Ethereum makes history with September Merge in sight

A specific date for a massive Ethereum software upgrade that will fundamentally change the character of the second-largest cryptoasset has produced a huge rally in the blockchain's native token ETH, along with its associated technologies Polygon and Uniswap.

Since the local bottom of 18 June, the price of ETH has rocketed more than 100%, while its critically-important layer two add-on Polygon (MATIC) jumped 164% and the Ethereum-based decentralised exchange token Uniswap (UNI) soared by 142%. On stock exchanges across Europe, ETC Group's suite of physically-backed and centrally cleared exchange-traded products provide accurate exposure to the prices of these assets.

The Merge will now take place on 19 September 2022, according to Ethereum lead developer Tim Beiko.
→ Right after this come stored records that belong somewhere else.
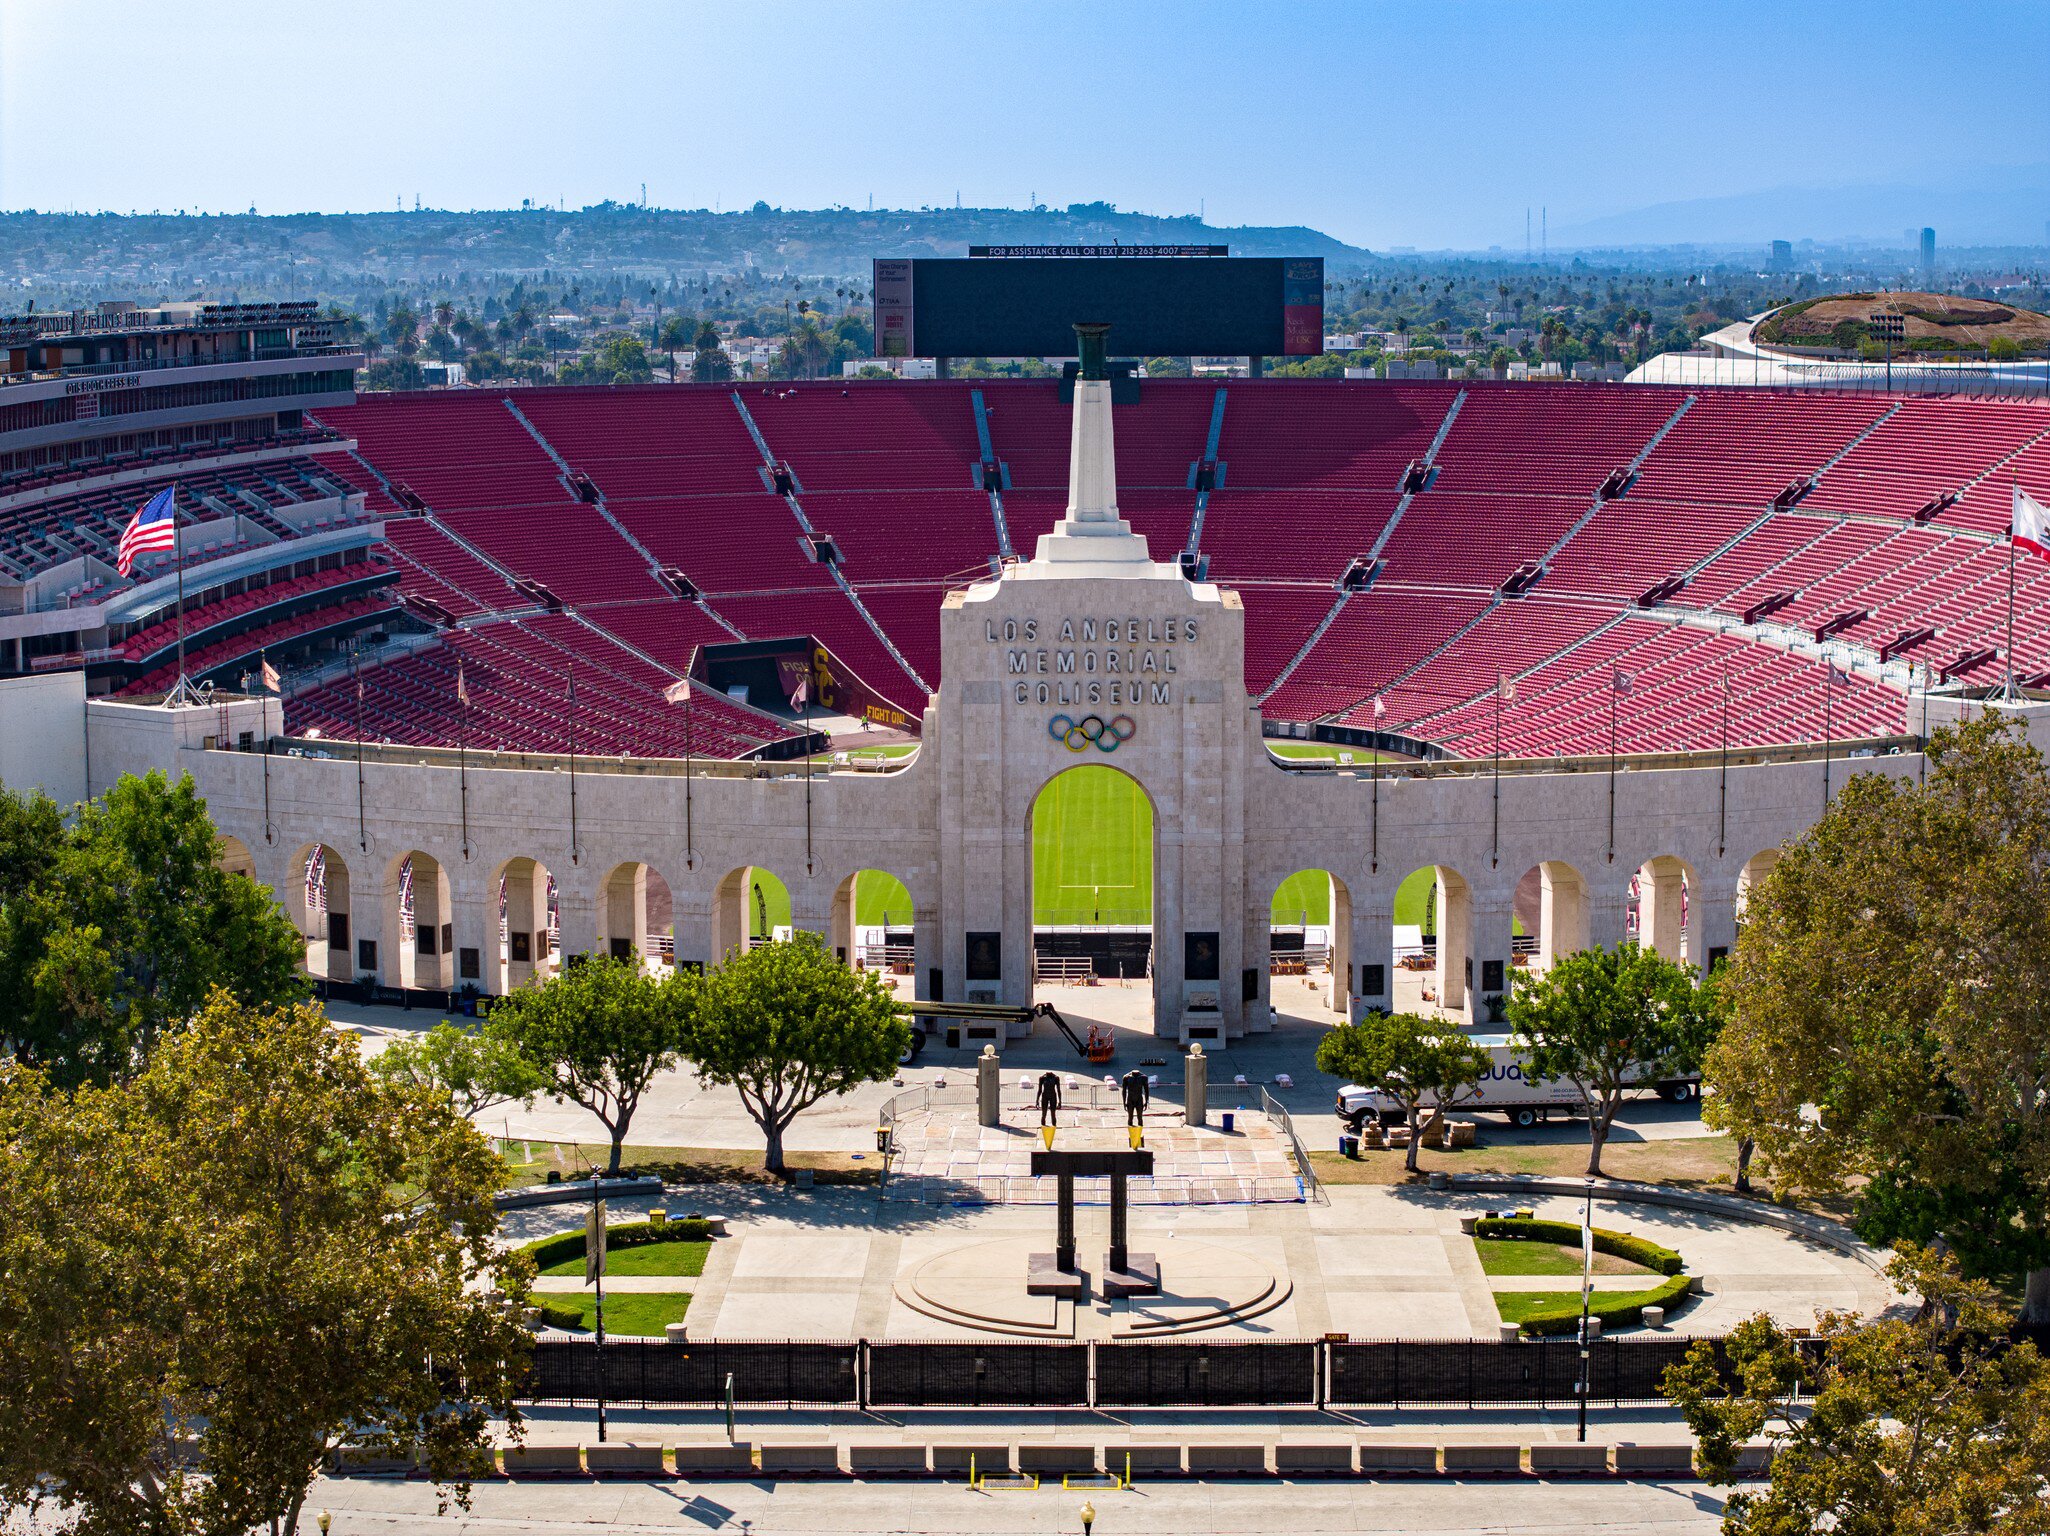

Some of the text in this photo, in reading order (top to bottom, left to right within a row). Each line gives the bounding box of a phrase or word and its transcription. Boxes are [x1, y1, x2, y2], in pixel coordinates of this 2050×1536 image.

[989, 247, 1179, 255] FOR ASSISTANCE CALL OR TEXT 213-263-4007
[1287, 317, 1305, 325] Keck
[1296, 335, 1313, 344] USC
[66, 375, 141, 394] OTIS BOOTH PRESS BOX
[986, 618, 1198, 643] LOS ANGELES
[1008, 649, 1176, 674] MEMORIAL
[1015, 681, 1170, 706] COLISEUM
[867, 705, 905, 724] FIGHT ON!
Several testnets (testing environments that mimic the blockchain's working without affecting it) have enacted Proof of Stake successfully.

With Ethereum creating upwards of ten billion dollars of revenue per year through transaction fees for the thousands of apps vying to use its platform, the wholesale switch to a new consensus mechanism is a risky business, akin to rebuilding an aeroplane while it is still in flight.

But derivatives markets offer critical insight into how institutional traders are pricing the effects of the Merge.

Ever since crypto derivatives became widely offered in 2020, the open interest in options contracts for Ethereum (ETH) has never exceeded that of Bitcoin (BTC). That curve flipped in July, with ETH options interest rocketing 32% higher than BTC. And so for the first time ever in early August, ETH options open interest at $6.6bn exceeded BTC at $4.8bn.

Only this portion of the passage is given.